:: What to work on ::
Word for word, copy all the data and drop the pictures.

#### Records for this task ####

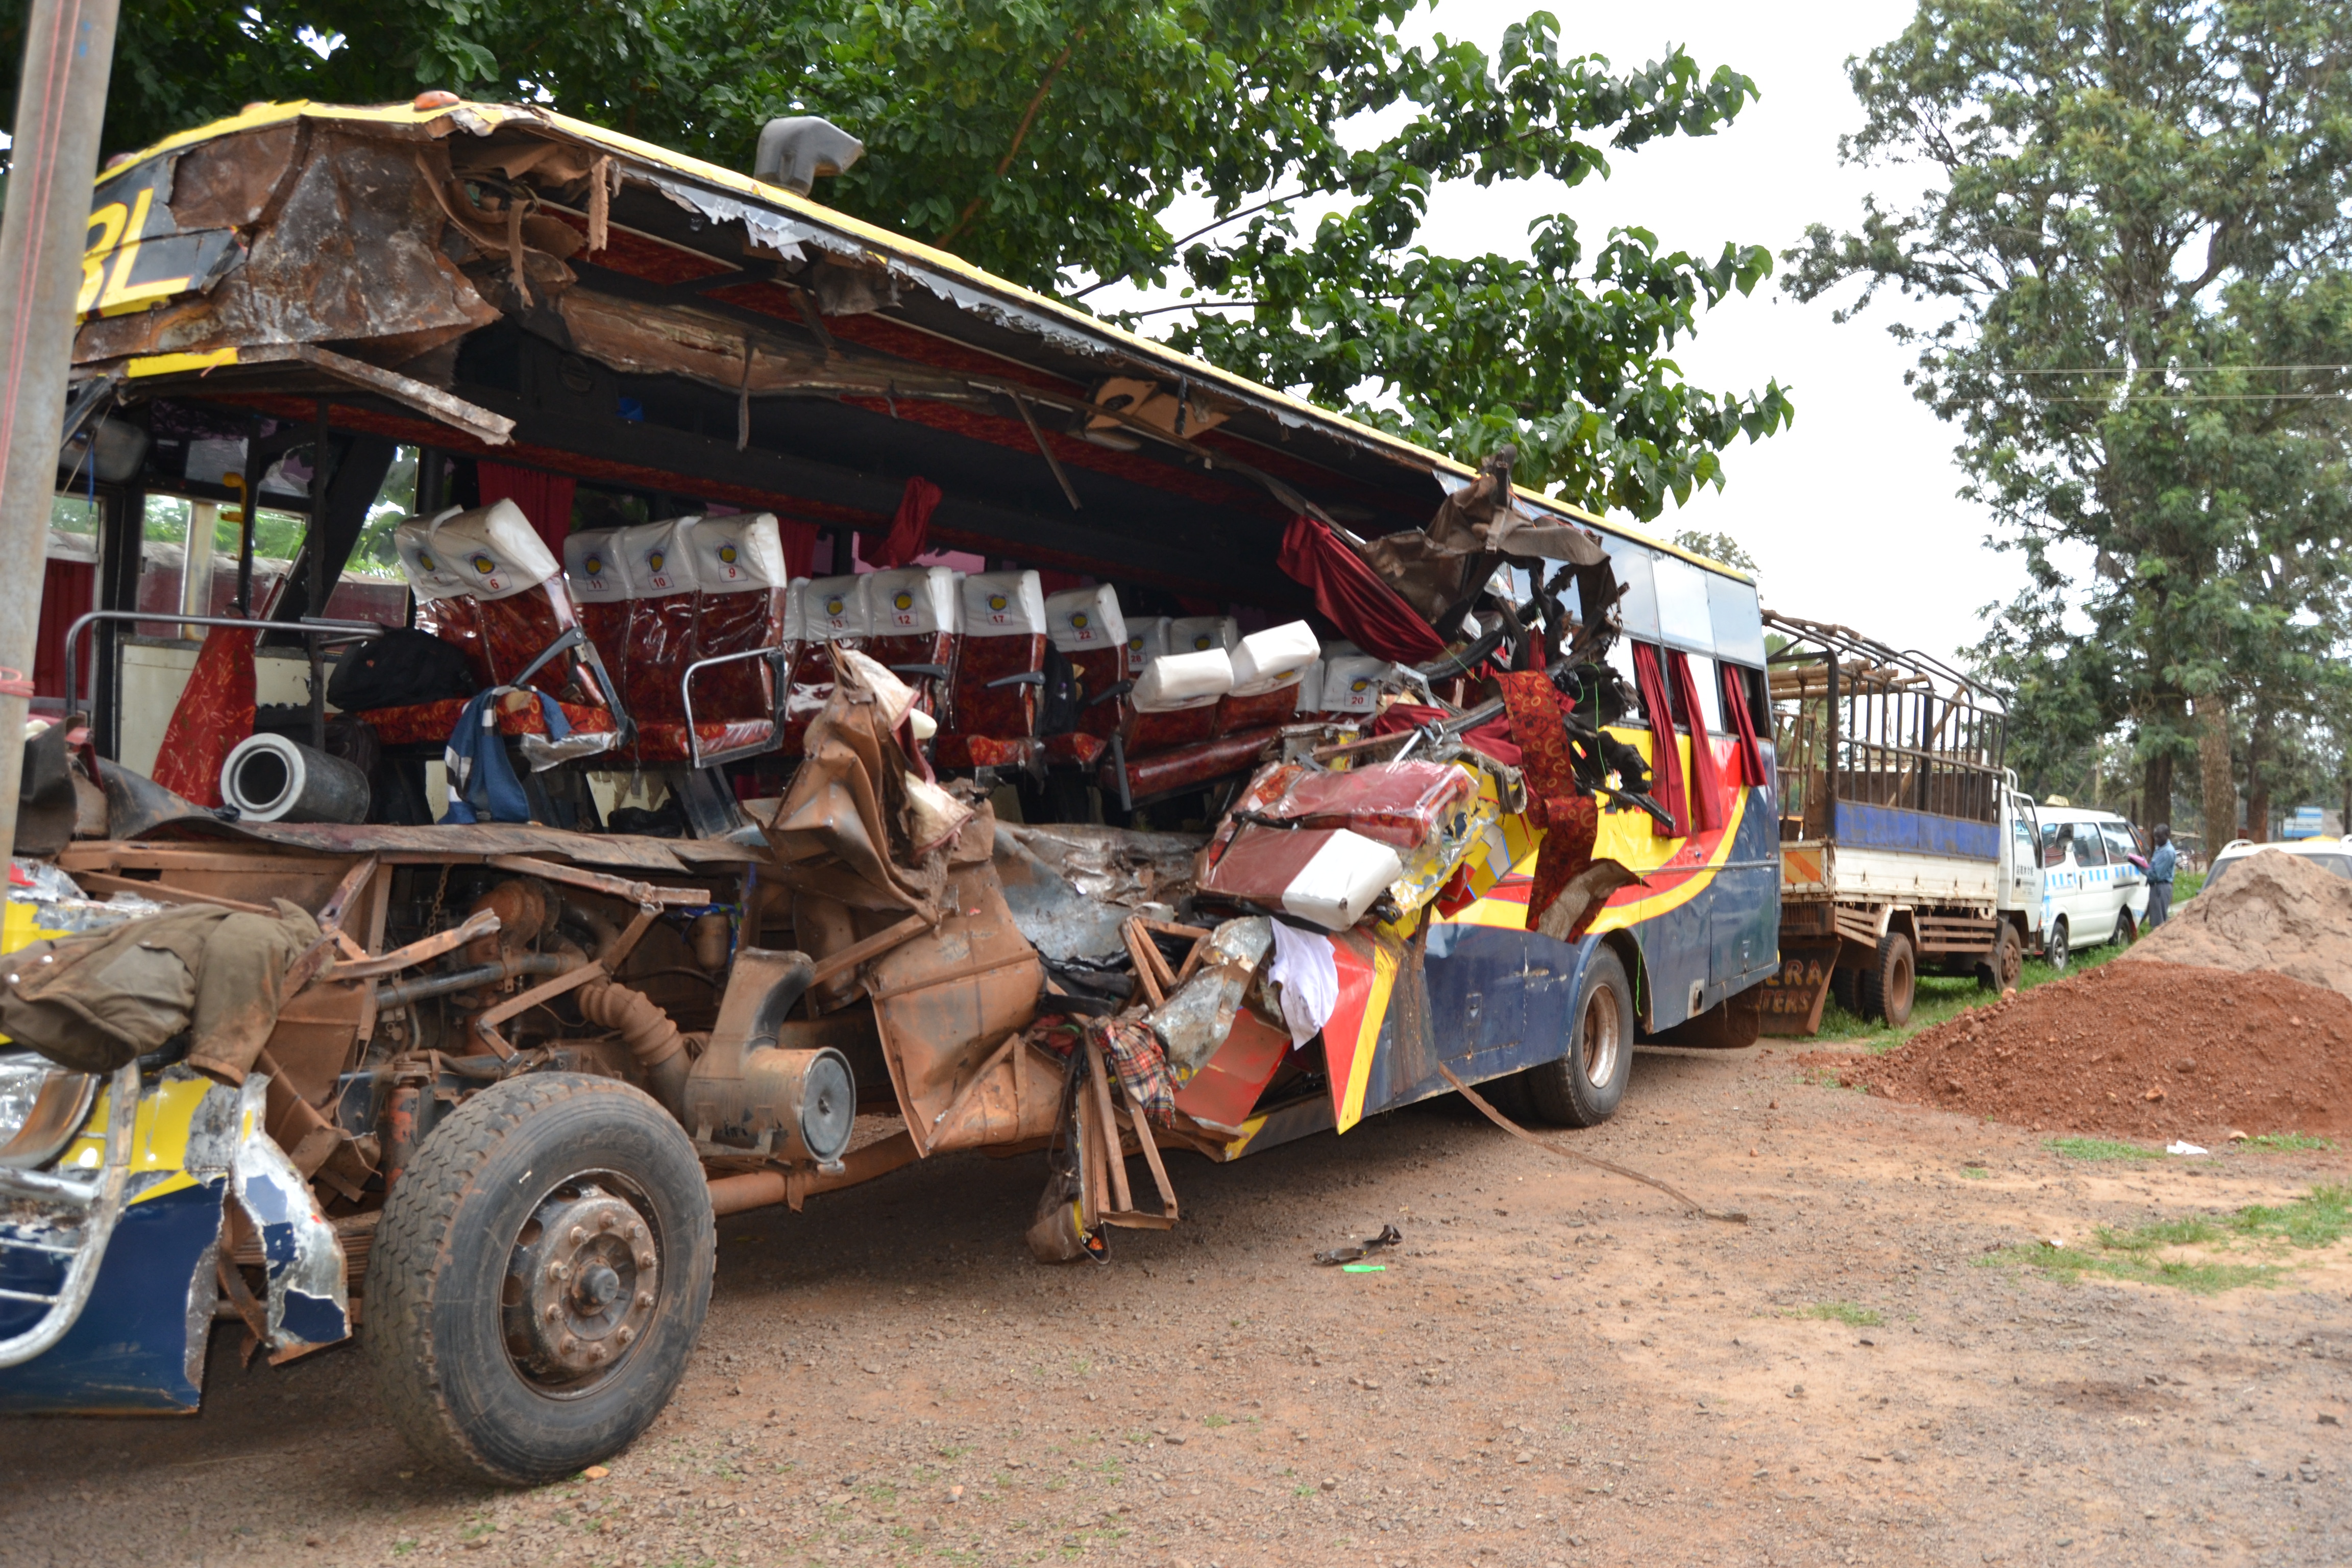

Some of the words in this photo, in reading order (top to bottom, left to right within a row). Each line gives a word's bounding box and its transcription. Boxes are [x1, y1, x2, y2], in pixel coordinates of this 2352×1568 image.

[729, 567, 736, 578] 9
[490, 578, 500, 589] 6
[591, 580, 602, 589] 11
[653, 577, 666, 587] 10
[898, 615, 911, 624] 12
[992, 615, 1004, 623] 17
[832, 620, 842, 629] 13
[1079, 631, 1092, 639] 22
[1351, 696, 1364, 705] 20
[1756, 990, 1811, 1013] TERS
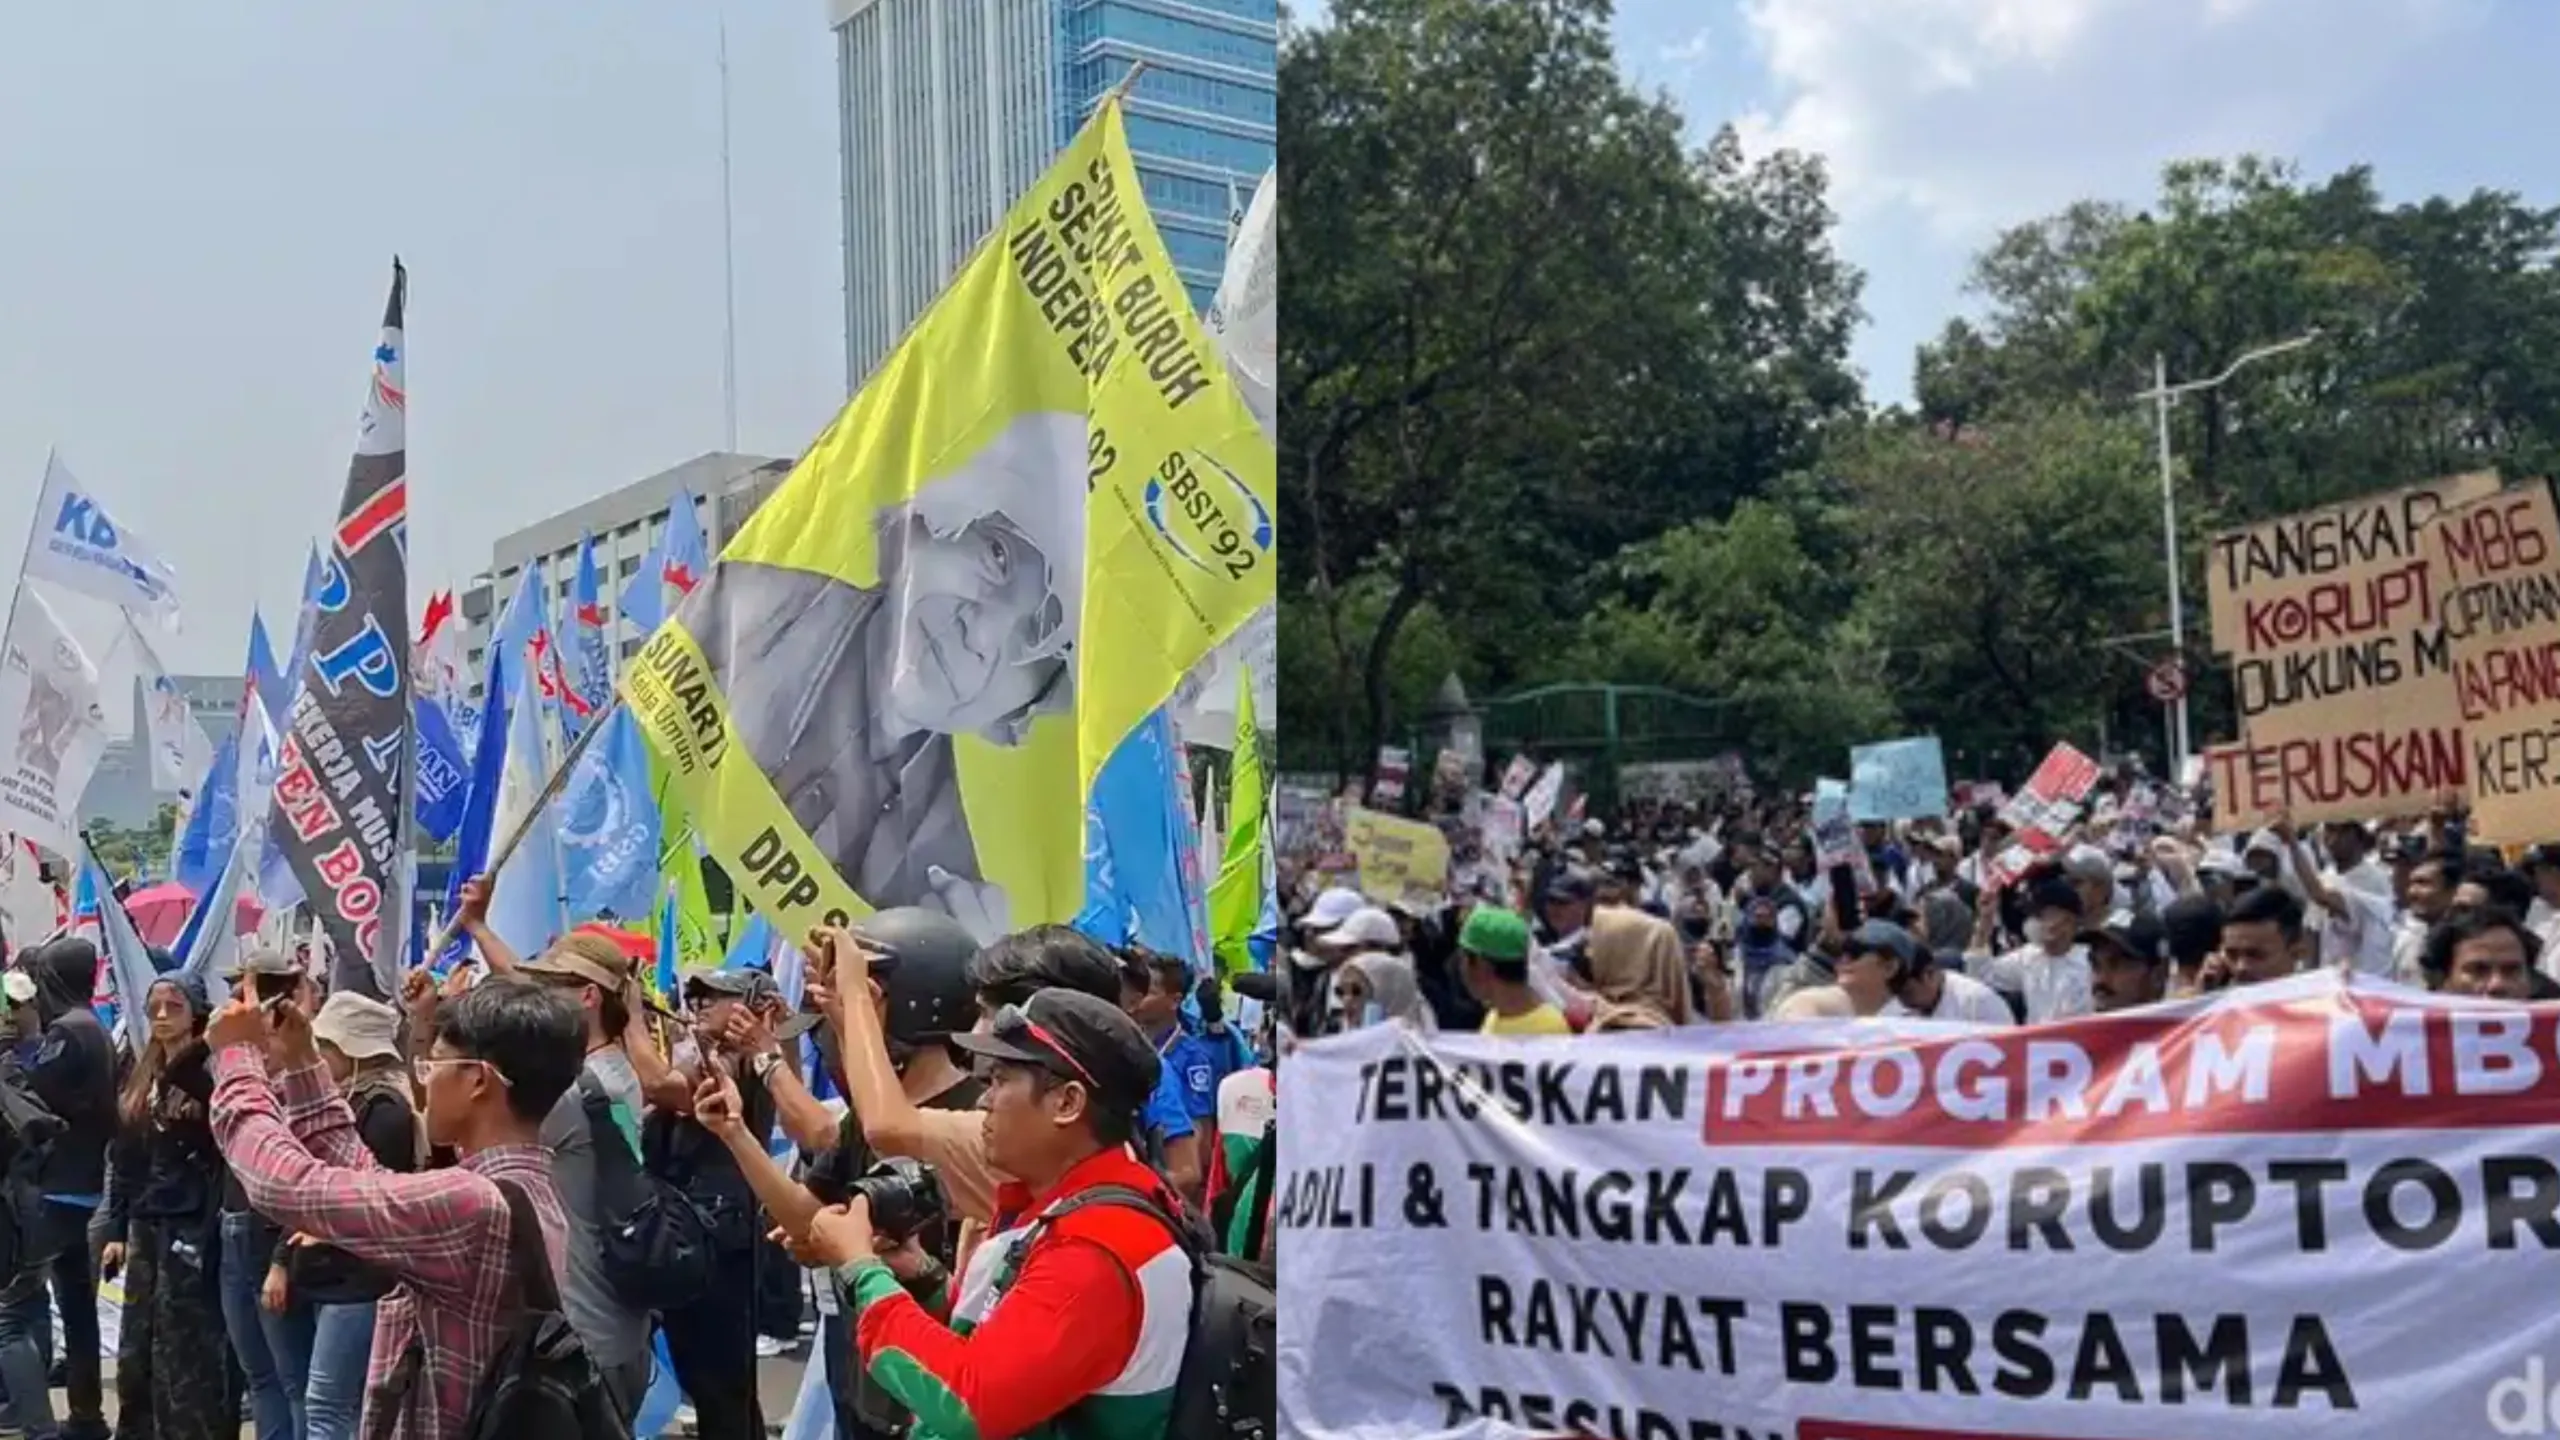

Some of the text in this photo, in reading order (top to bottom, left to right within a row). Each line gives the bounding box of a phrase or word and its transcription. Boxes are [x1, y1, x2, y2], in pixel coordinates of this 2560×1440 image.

####

:: Task response ::
Some of the words in this photo, in reading order (top to bottom, left to right within a row). Each line gives a word's bounding box and its transcription. Boxes are [x1, y1, x2, y2], in pixel coordinates of this 2352×1568 image.

[729, 567, 736, 578] 9
[490, 578, 500, 589] 6
[591, 580, 602, 589] 11
[653, 577, 666, 587] 10
[898, 615, 911, 624] 12
[992, 615, 1004, 623] 17
[832, 620, 842, 629] 13
[1079, 631, 1092, 639] 22
[1351, 696, 1364, 705] 20
[1756, 990, 1811, 1013] TERS

Some of the text in this photo, in reading order (top to bottom, left to right within a row). Each line gives the bounding box of a phrase or word and its transcription. Boxes are [x1, y1, x2, y2], in pixel coordinates of this 2560×1440 image.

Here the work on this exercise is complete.